TNFSF9 exerts an inhibitory effect on hepatocellular carcinoma.

Abstract

Tumor necrosis factor superfamily member 9 (TNFSF9), also known as 4-1BBL and CD137L, has been implicated in cancer immunotherapy due to its function as a T-cell co-stimulator. We aimed to investigate the role of TNFSF9 in the cancer pathogenesis in hepatocellular carcinoma (HCC). TNFSF9 expression was examined by immunohistochemistry in 106 pairs of HCC and adjacent non-tumorous tissues, and by quantitative polymerase chain reaction and Western blot in HCC cell lines.
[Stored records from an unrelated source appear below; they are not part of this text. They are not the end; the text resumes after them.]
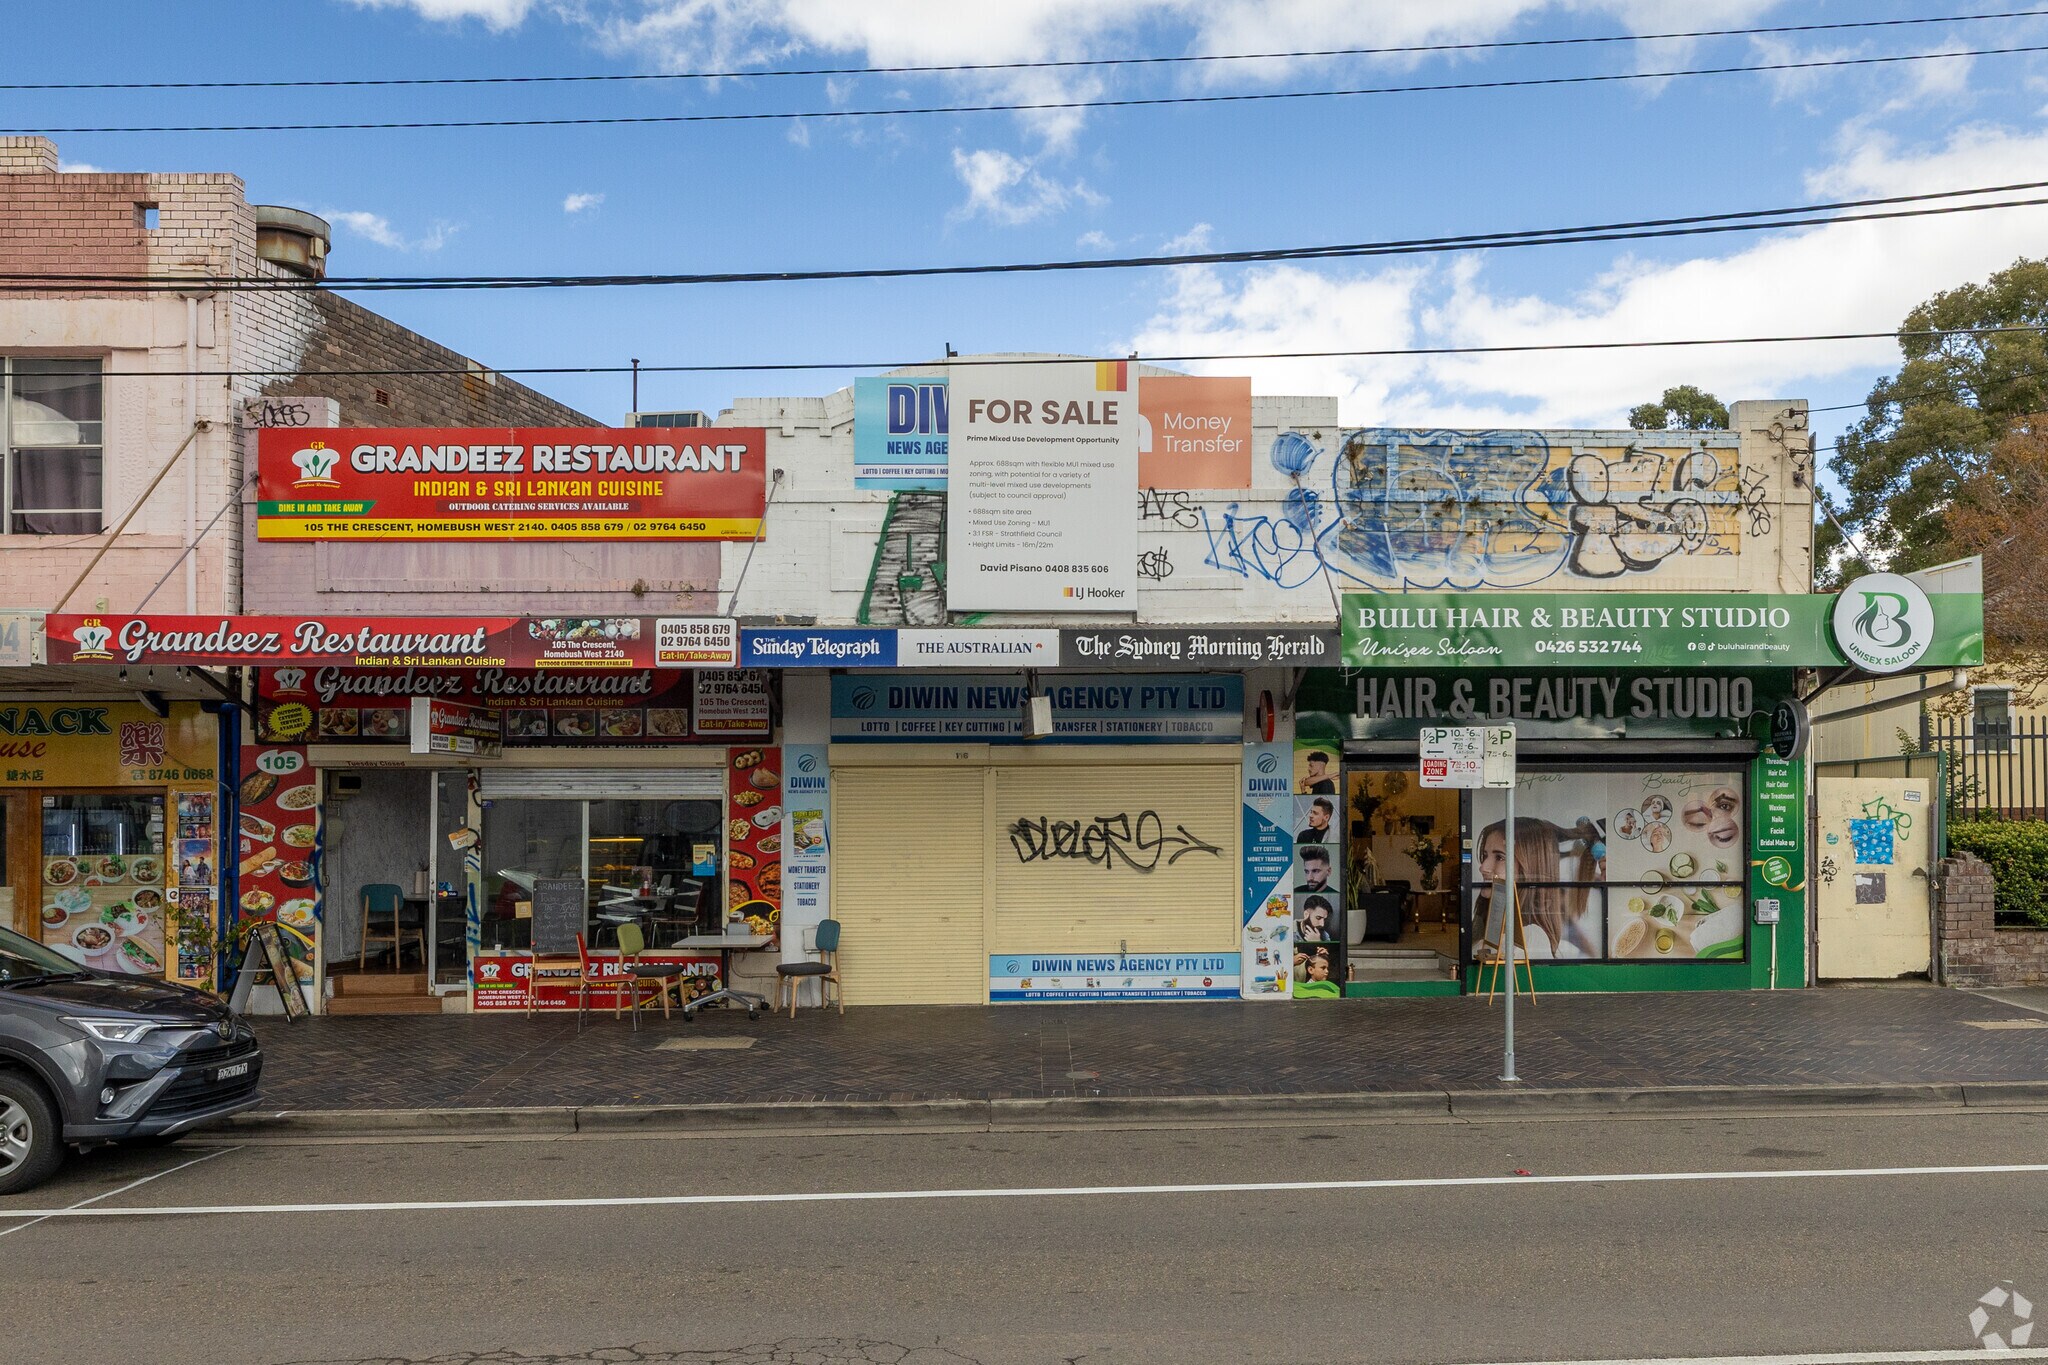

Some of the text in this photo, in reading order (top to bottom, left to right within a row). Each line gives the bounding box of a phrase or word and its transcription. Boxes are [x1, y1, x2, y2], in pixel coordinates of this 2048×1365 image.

[968, 400, 1118, 424] FOR SALE
[1164, 413, 1232, 434] Money
[310, 441, 325, 450] GR
[1027, 436, 1074, 444] Development
[1076, 436, 1120, 444] Opportunity
[1163, 434, 1242, 452] Transfer
[887, 442, 921, 454] NEWS
[350, 445, 747, 473] GRANDEEZ RESTAURANT
[476, 481, 488, 496] &
[495, 481, 521, 496] SRI
[598, 481, 663, 496] CUISINE
[304, 523, 706, 532] 105 THE CRESCENT, HOMEBUSH WEST 2140. 0405 858 679 02 9764 6450
[1076, 588, 1125, 600] LJ Hooker
[84, 618, 101, 627] GR
[1358, 608, 1790, 629] BULU HAIR & BEAUTY STUDIO
[661, 624, 730, 634] 0405 858 679
[118, 619, 486, 663] Grandeez Restaurant
[582, 641, 616, 650] Crescent,
[661, 637, 730, 646] 02 9764 6450
[1076, 634, 1325, 660] The Sydney Morning Herald
[1358, 637, 1642, 657] Unisex Saloon 0426 532 744
[753, 637, 880, 658] Sunday Telegraph
[917, 642, 1032, 653] THE AUSTRALIAN
[1718, 643, 1790, 652] buluhairandbeauty
[1849, 641, 1921, 666] UNISEX SALOON
[355, 656, 505, 666] Indian & Sri Lankan Cuisine
[661, 652, 730, 661] Eat-in/Take-Away
[888, 687, 959, 708] DIWIN
[1044, 687, 1132, 708] AGENCY
[1141, 687, 1182, 708] PTY
[1188, 687, 1225, 708] LTD
[1356, 677, 1753, 719] HAIR & BEAUTY STUDIO
[264, 756, 296, 770] 105
[149, 769, 179, 780] 8746
[791, 777, 825, 788] DIWIN
[1249, 779, 1287, 791] DIWIN
[1642, 773, 1705, 797] Beauty
[1769, 804, 1786, 812] Waxing
[1032, 959, 1225, 971] DIWIN NEWS AGENCY PTY LTD
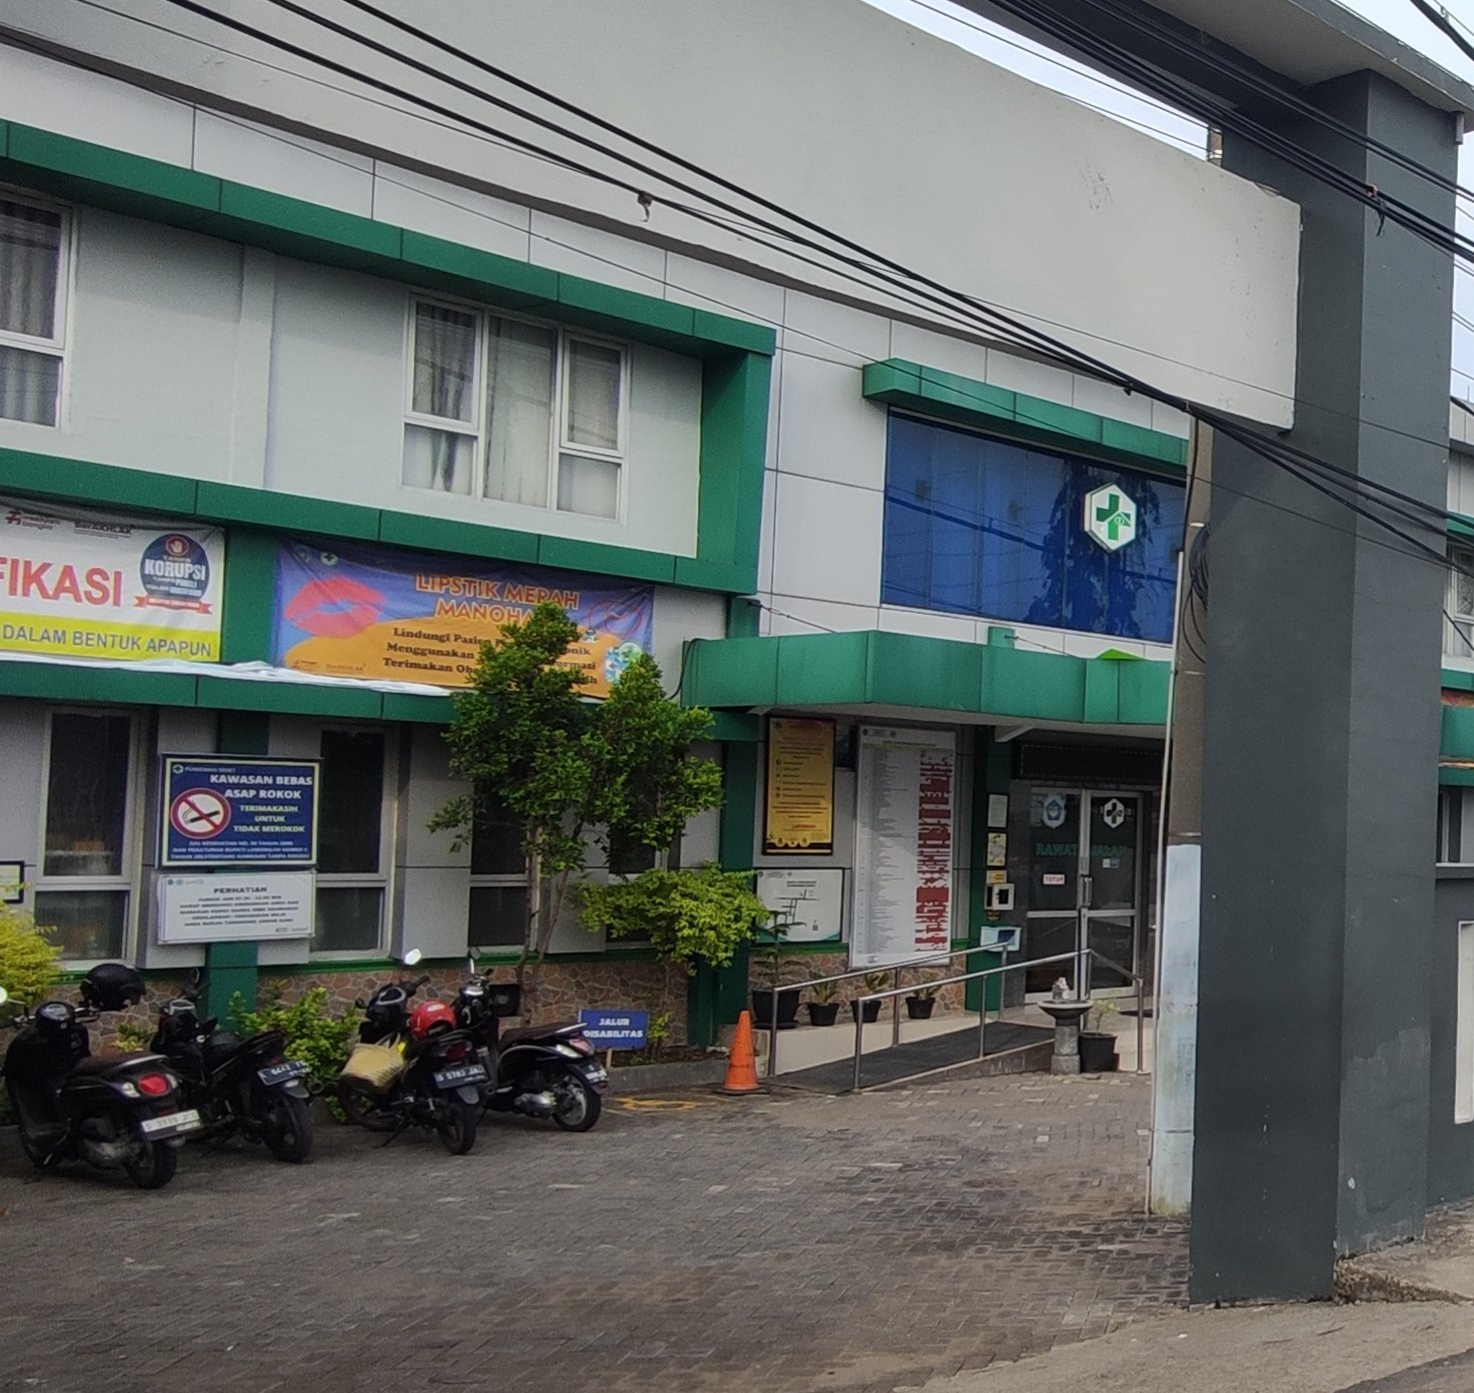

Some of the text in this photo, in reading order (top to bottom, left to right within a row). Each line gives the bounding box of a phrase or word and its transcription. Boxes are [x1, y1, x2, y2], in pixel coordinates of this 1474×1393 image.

[144, 559, 206, 581] KORUPSI
[415, 573, 580, 610] LIPSTIK MERAH
[3, 624, 211, 657] DALAM BENTUK APAPUN
[393, 627, 451, 644] Lindungi
[386, 642, 475, 659] Menggunakan
[382, 657, 453, 674] Terimakan
[210, 774, 313, 786] KAWASAN BEBAS
[224, 789, 302, 799] ASAP ROKOK
[599, 1018, 629, 1026] JALUR
[583, 1030, 643, 1038] DISABILITAS
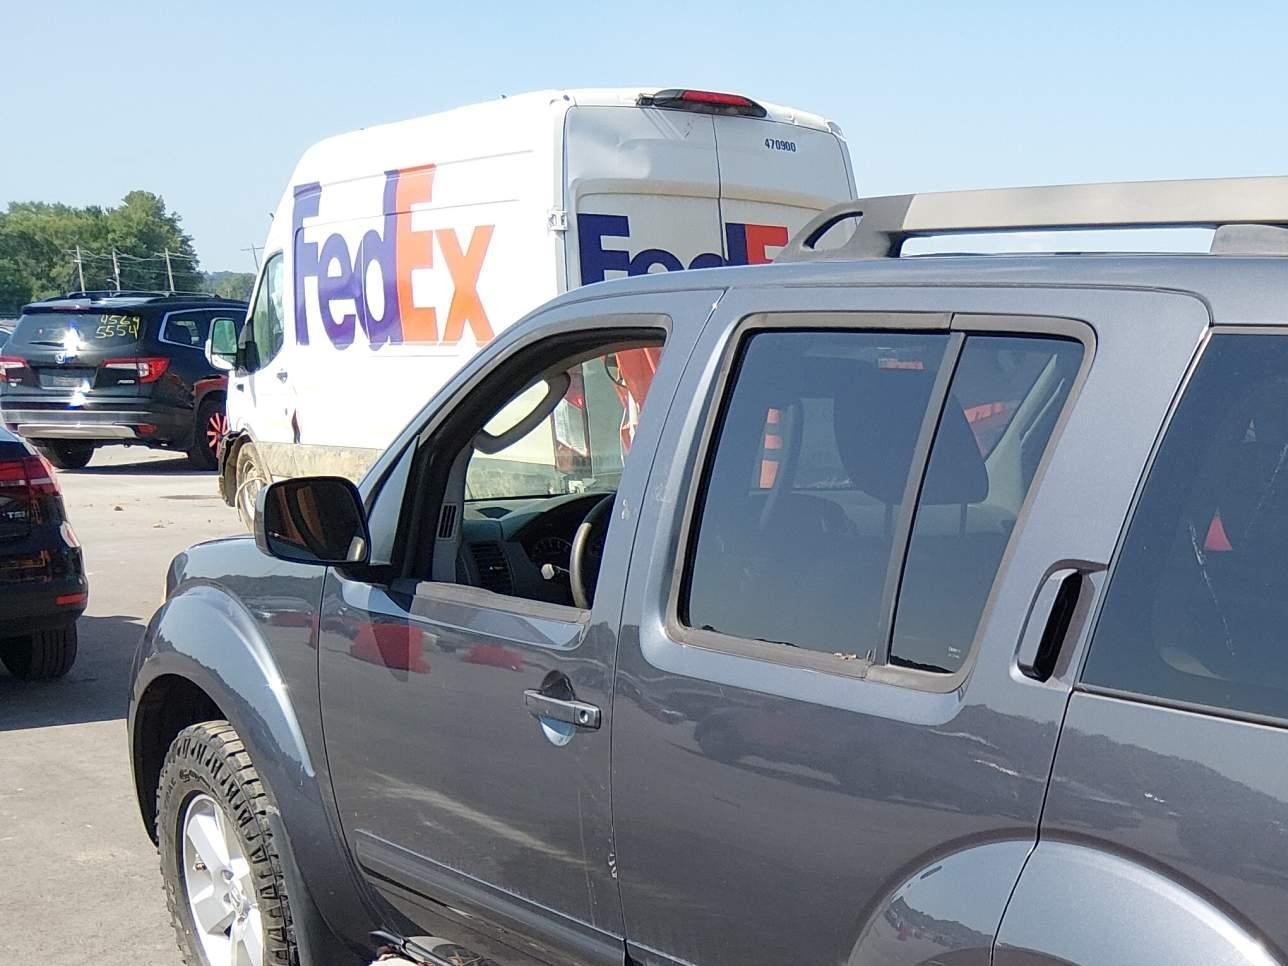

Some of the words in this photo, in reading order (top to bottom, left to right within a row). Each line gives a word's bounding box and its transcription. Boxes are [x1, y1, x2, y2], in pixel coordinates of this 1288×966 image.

[764, 138, 797, 152] 470900
[293, 163, 496, 351] FedEx
[95, 324, 138, 339] 5554
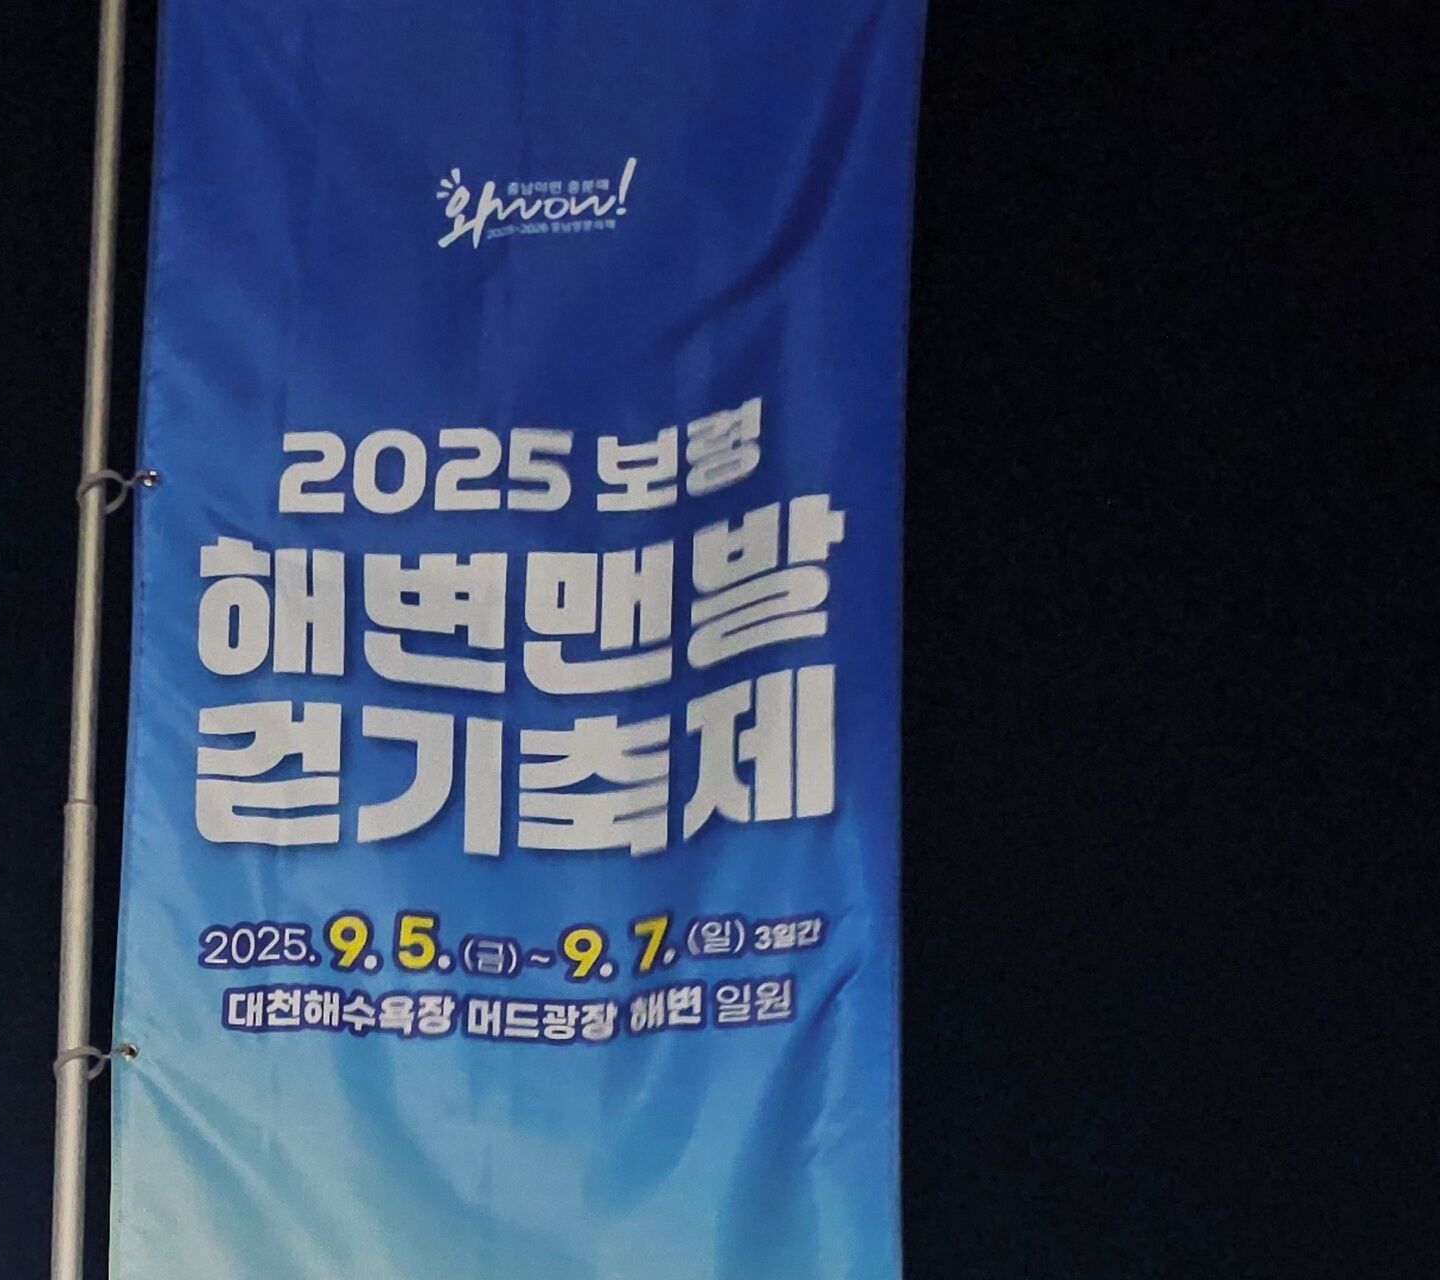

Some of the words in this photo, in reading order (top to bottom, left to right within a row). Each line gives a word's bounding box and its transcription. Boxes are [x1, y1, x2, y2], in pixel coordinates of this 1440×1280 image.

[278, 428, 573, 514] 2025
[596, 397, 762, 512] 보령
[197, 494, 845, 694] 해변맨발
[196, 664, 836, 857] 걷기축제
[203, 926, 317, 966] 2025.
[328, 915, 376, 970] 9.
[397, 915, 451, 970] 5.
[563, 928, 613, 977] 9.
[687, 920, 744, 957] (일)
[227, 989, 454, 1035] 대천해수욕장
[467, 1000, 616, 1040] 머드광장
[629, 988, 701, 1030] 해변
[716, 978, 791, 1021] 일원
The impact of TNFSF9 on the proliferation, migration and invasion of HCC cells was determined using the 3-(4,5-diethylthiazol-2-yl)-5-(3-carboxymethoxyphenyl)-2-(4-sulfophenyl)-2H-tetrazolium, inner salt (MTS) and transwell assays in vitro. We also assessed the influence of TNFSF9 on the growth and metastasis of HCC tumors in an orthotopic mouse model of human HCC. TNFSF9 expression was downregulated in approximately 70% of HCC tissues. A decreased expression of TNFSF9 was also consistently observed in all the four HCC cell lines. Either the overexpression of TNFSF9 or treatment with recombinant TNFSF9 protein could significantly inhibit the proliferation, migration and invasion of Huh7 and SMMC-7721 HCC cells in vitro. The inhibitory effect of TNFSF9 on HCC was further confirmed in vivo. Mice orthotopically transplanted with TNFSF9-overexpressing Huh7 cells developed significantly smaller tumors with less intrahepatic metastasis and distant metastasis compared with the control group. TNFSF9 may be a tumor suppressor in HCC. Based on its immune stimulatory aspect and the tumor inhibition property, TNFSF9 may be a promising therapeutic target for HCC.